Top of Data provided

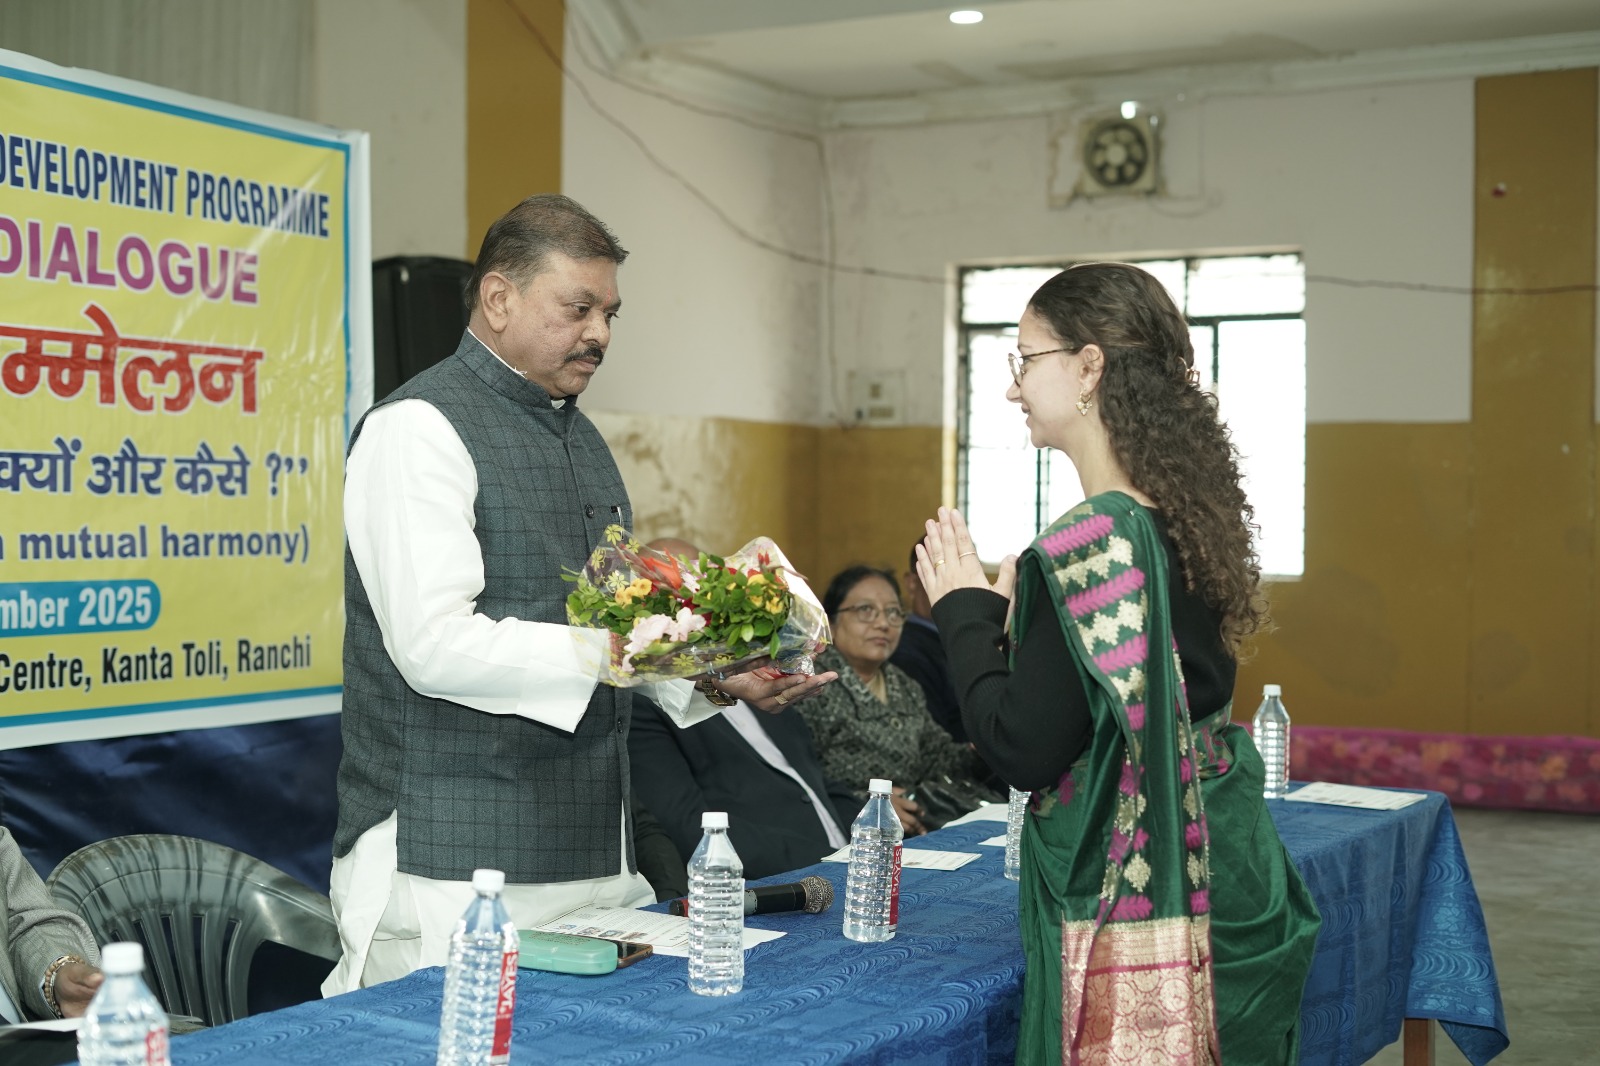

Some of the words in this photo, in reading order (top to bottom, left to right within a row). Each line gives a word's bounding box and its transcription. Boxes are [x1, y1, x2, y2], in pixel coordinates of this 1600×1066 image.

[187, 170, 330, 238] PROGRAMME
[87, 437, 166, 495] और
[174, 441, 251, 496] कैसे
[20, 525, 148, 560] mutual
[161, 524, 309, 563] harmony)
[78, 586, 151, 628] 2025
[102, 647, 173, 685] Kanta
[182, 641, 228, 681] Toli,
[237, 635, 311, 674] Ranchi
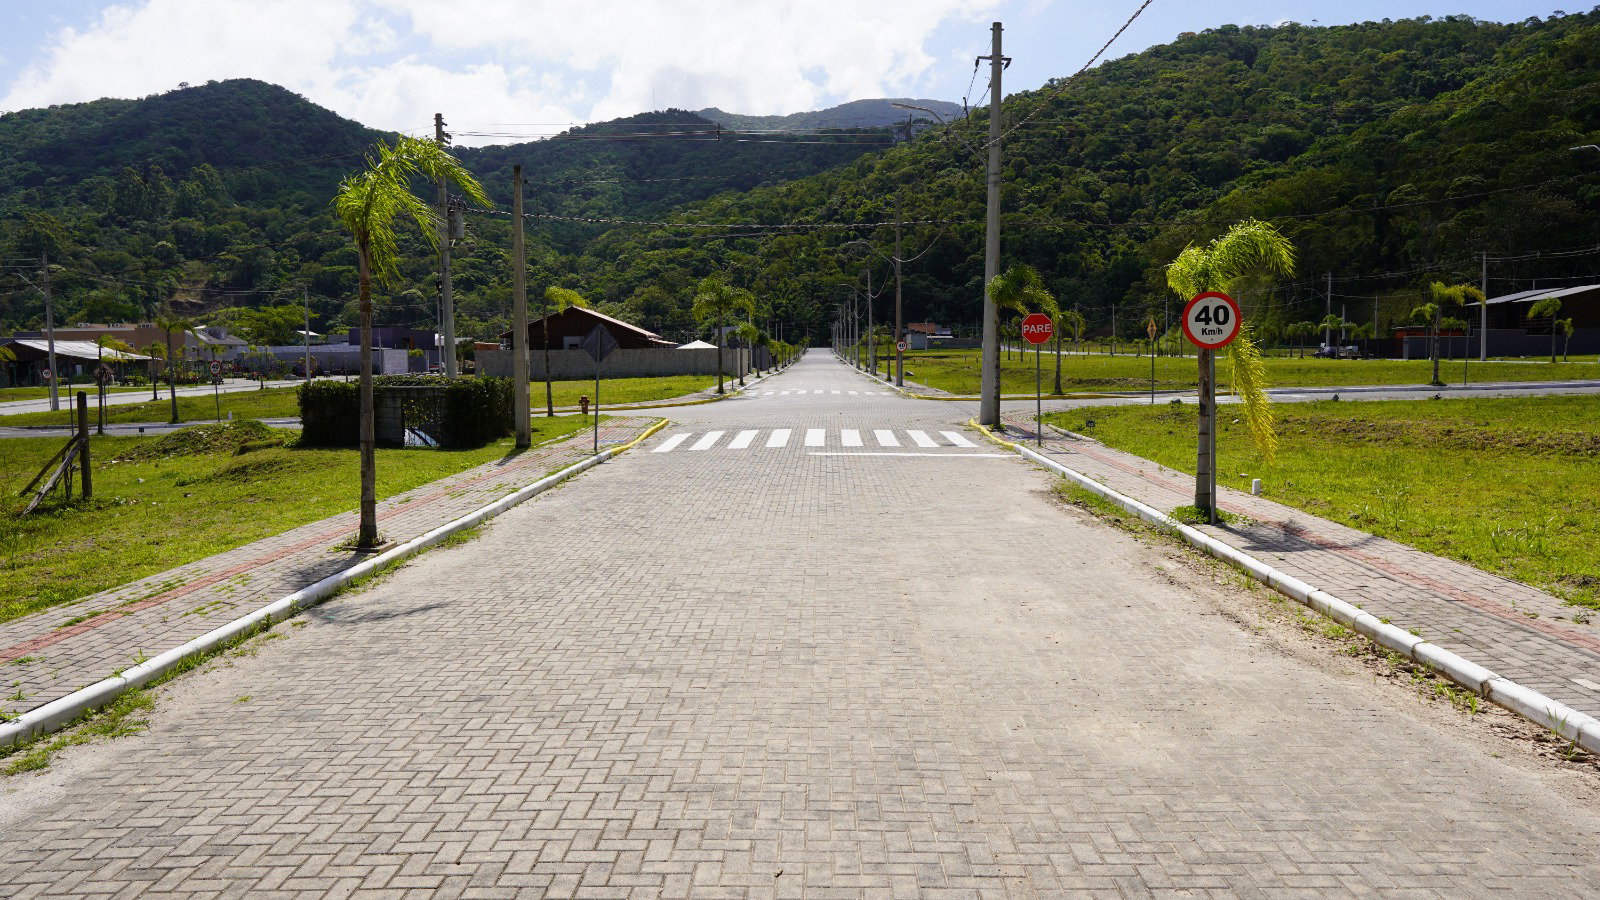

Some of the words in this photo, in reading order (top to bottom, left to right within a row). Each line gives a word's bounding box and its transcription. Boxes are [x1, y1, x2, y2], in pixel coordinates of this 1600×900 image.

[1194, 304, 1230, 326] 40
[1023, 323, 1051, 334] PARE
[1201, 327, 1223, 336] Km/h

Bottom of Data provided

Exercise details
Could you transcribe all of the data exactly, keeping every picture out of the copy?

Task response
Some of the words in this photo, in reading order (top to bottom, left to right within a row). Each line gives a word's bounding box and its transcription. Boxes are [x1, y1, x2, y2], in pixel coordinates of this 1600×1066 image.

[187, 170, 330, 238] PROGRAMME
[87, 437, 166, 495] और
[174, 441, 251, 496] कैसे
[20, 525, 148, 560] mutual
[161, 524, 309, 563] harmony)
[78, 586, 151, 628] 2025
[102, 647, 173, 685] Kanta
[182, 641, 228, 681] Toli,
[237, 635, 311, 674] Ranchi

Some of the words in this photo, in reading order (top to bottom, left to right within a row). Each line gives a word's bounding box and its transcription. Boxes are [x1, y1, x2, y2], in pixel coordinates of this 1600×900 image.

[1194, 304, 1230, 326] 40
[1023, 323, 1051, 334] PARE
[1201, 327, 1223, 336] Km/h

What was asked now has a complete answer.